== Records provided
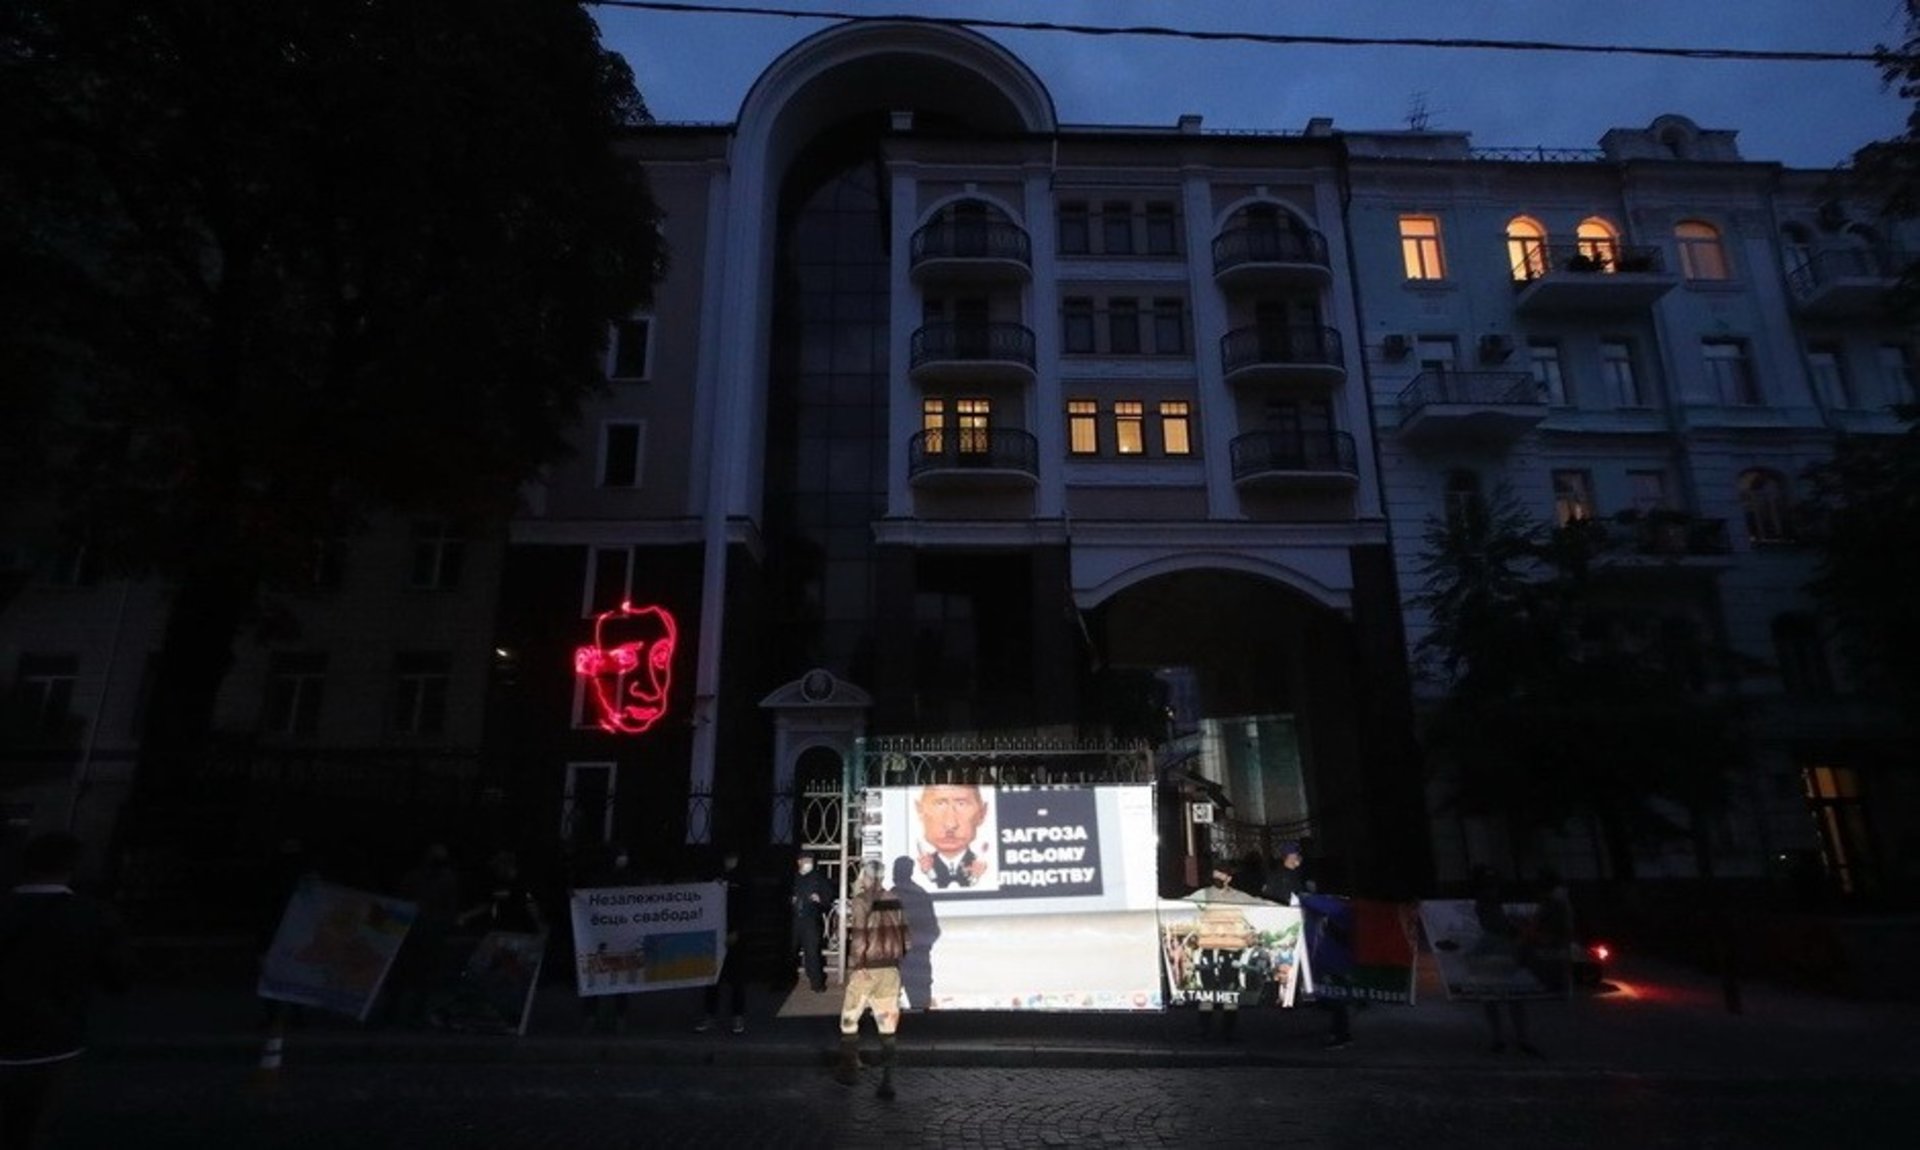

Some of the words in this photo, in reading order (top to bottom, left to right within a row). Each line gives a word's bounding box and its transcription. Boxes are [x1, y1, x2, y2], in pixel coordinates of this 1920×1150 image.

[1001, 826, 1088, 843] ЗАГРОЗА
[1005, 846, 1086, 865] ВСЬОМУ
[999, 866, 1095, 887] ЛЮДСТВУ
[589, 891, 702, 906] Незалежнасць
[633, 908, 704, 923] свабода!
[1187, 989, 1214, 1003] ТАМ
[1215, 990, 1240, 1005] НЕТ
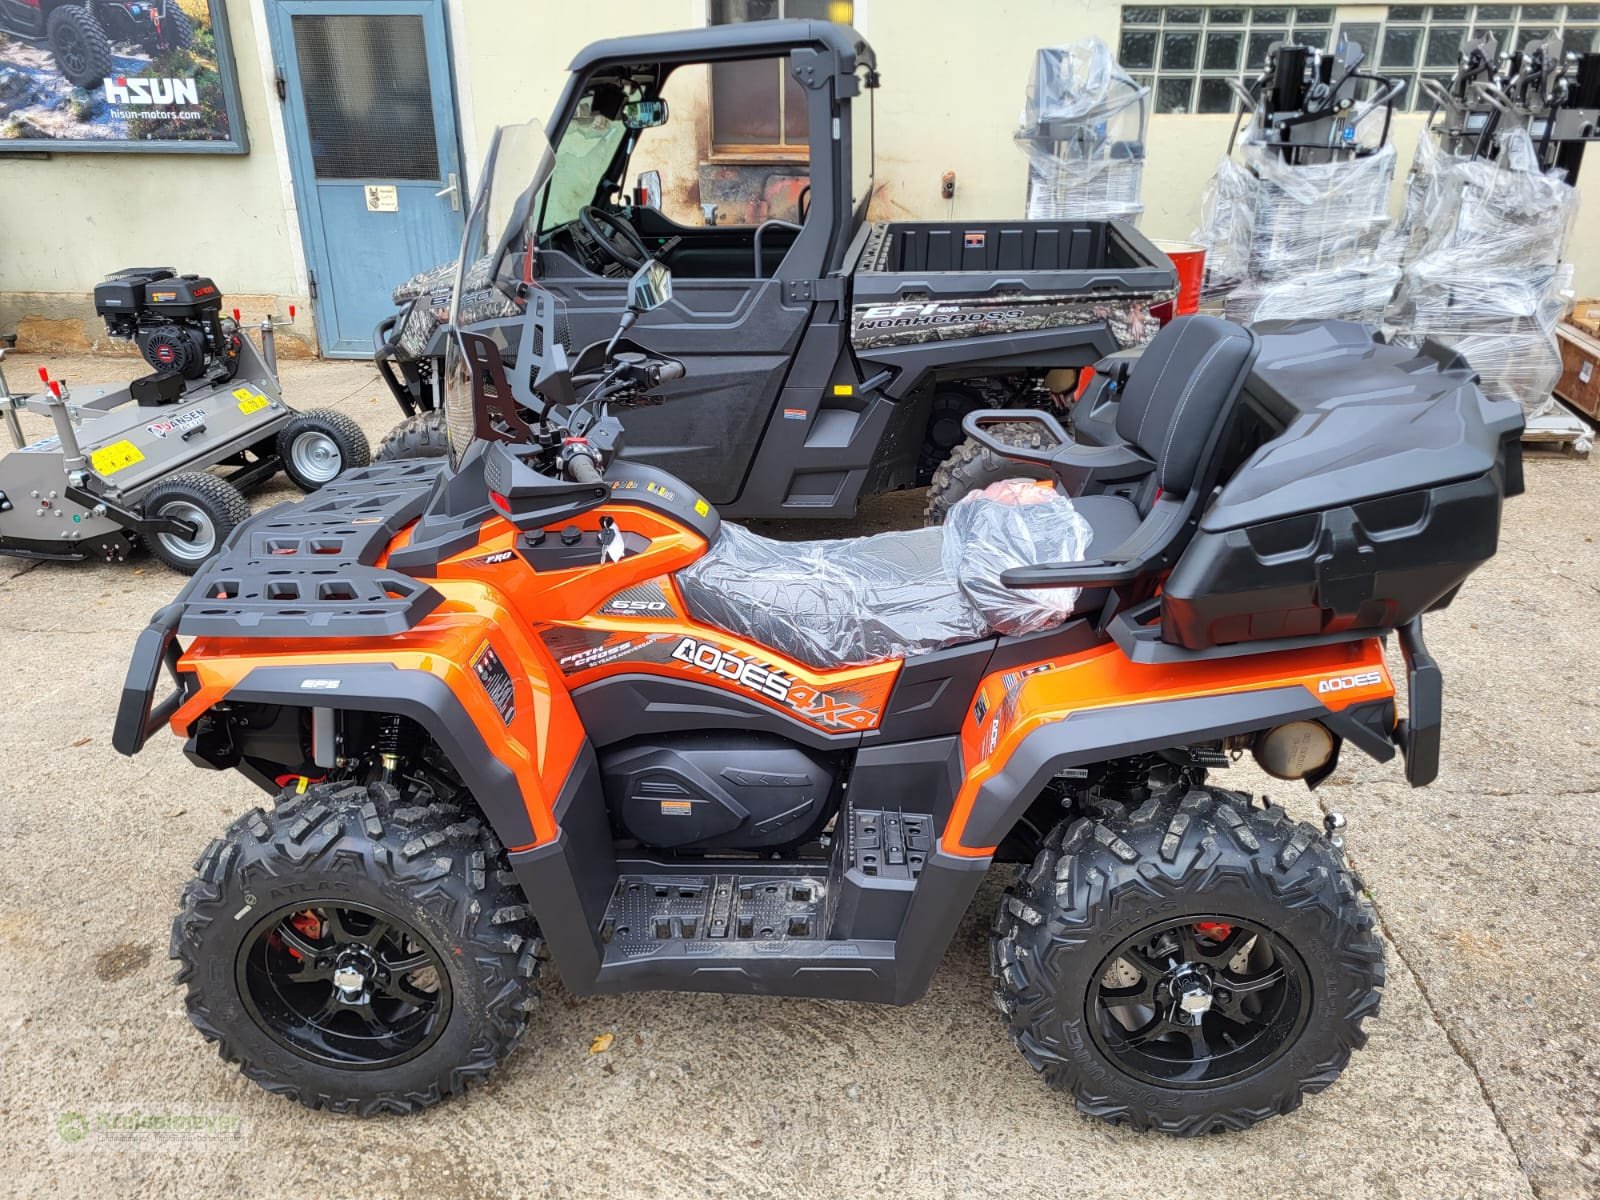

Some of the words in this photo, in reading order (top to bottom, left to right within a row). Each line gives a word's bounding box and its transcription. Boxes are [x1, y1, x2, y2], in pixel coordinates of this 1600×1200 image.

[110, 109, 201, 120] hisun-motors.com
[484, 551, 513, 564] PRO
[611, 600, 667, 610] 650
[574, 641, 632, 667] CROSS
[671, 637, 793, 702] AODES
[1318, 671, 1382, 694] AODES
[270, 881, 351, 900] ATLAS
[1101, 899, 1178, 944] ATLAS
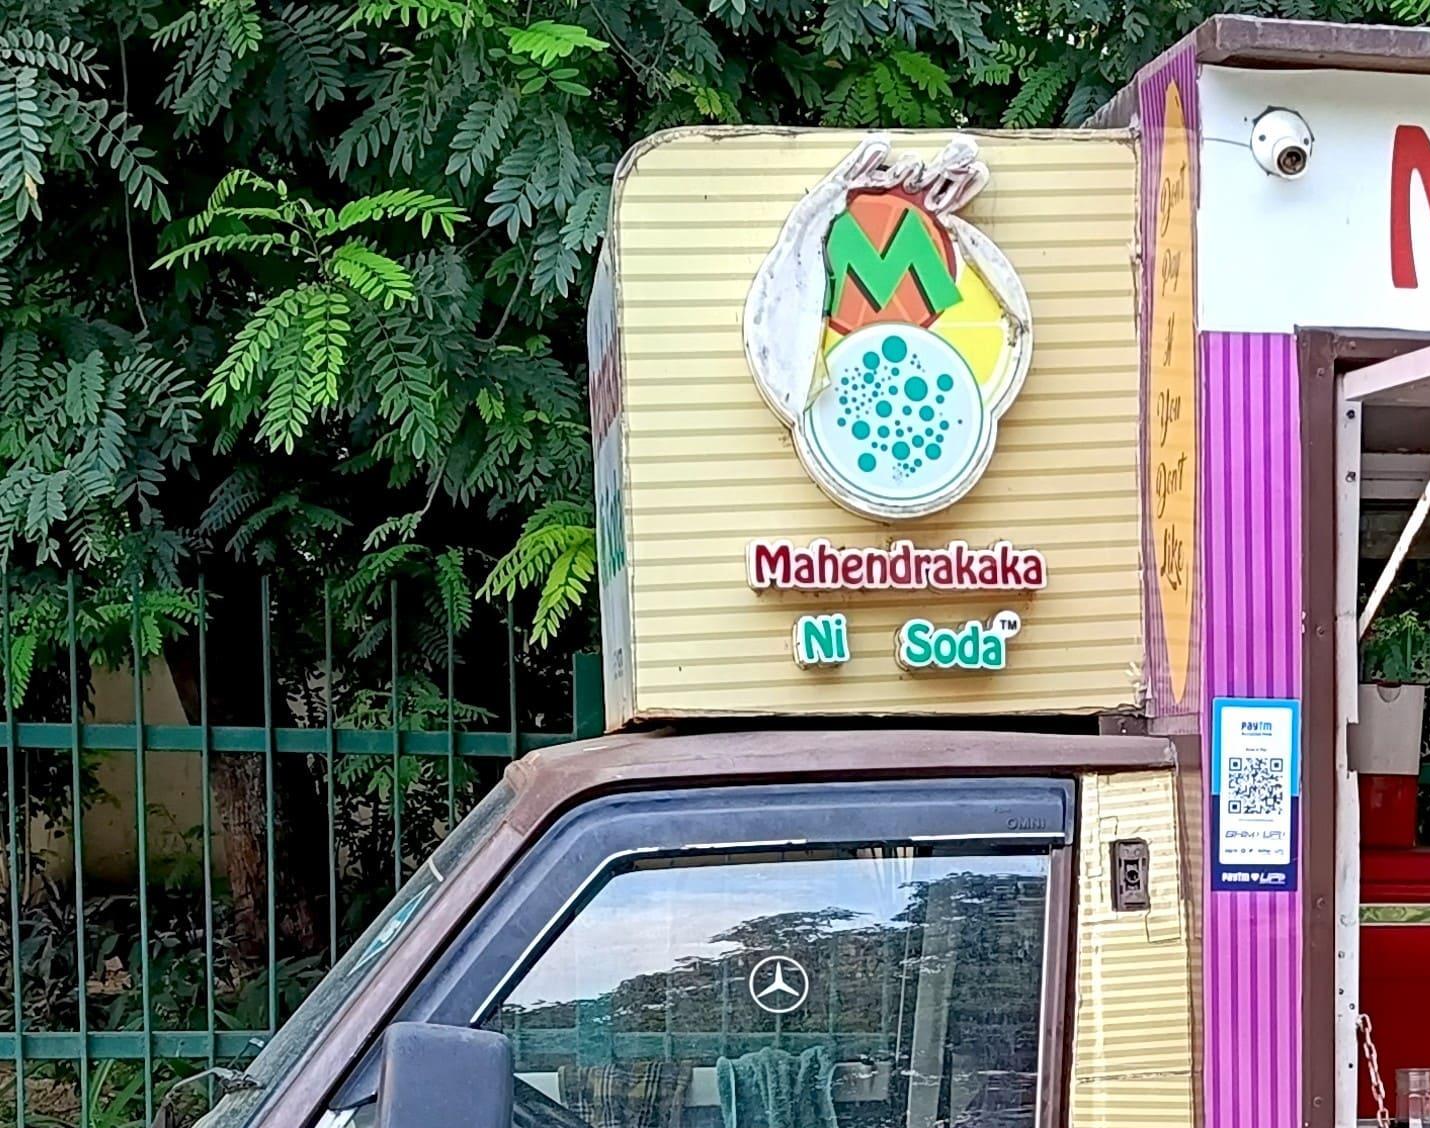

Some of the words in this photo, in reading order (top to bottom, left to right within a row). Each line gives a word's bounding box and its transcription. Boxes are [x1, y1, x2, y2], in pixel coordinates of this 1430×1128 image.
====
:: Task ::
Reproduce the records exactly, images excluded.

:: Completed exercise ::
Some of the words in this photo, in reading order (top to bottom, left to right within a row). Each line gives a word's bounding box and its transcription. Boxes are [x1, y1, x2, y2], in pixel coordinates of this 1920×1150 image.

[1001, 826, 1088, 843] ЗАГРОЗА
[1005, 846, 1086, 865] ВСЬОМУ
[999, 866, 1095, 887] ЛЮДСТВУ
[589, 891, 702, 906] Незалежнасць
[633, 908, 704, 923] свабода!
[1187, 989, 1214, 1003] ТАМ
[1215, 990, 1240, 1005] НЕТ

Some of the words in this photo, in reading order (top to bottom, left to right within a row). Each line gives a word's bounding box and its transcription. Boxes are [x1, y1, x2, y2], in pixel coordinates of this 1600×1200 image.

[110, 109, 201, 120] hisun-motors.com
[484, 551, 513, 564] PRO
[611, 600, 667, 610] 650
[574, 641, 632, 667] CROSS
[671, 637, 793, 702] AODES
[1318, 671, 1382, 694] AODES
[270, 881, 351, 900] ATLAS
[1101, 899, 1178, 944] ATLAS

Some of the words in this photo, in reading order (top to bottom, left to right within a row). Each line gives a word's bounding box and its transcription. Boxes are [x1, y1, x2, y2], in pixel coordinates of this 1430×1128 image.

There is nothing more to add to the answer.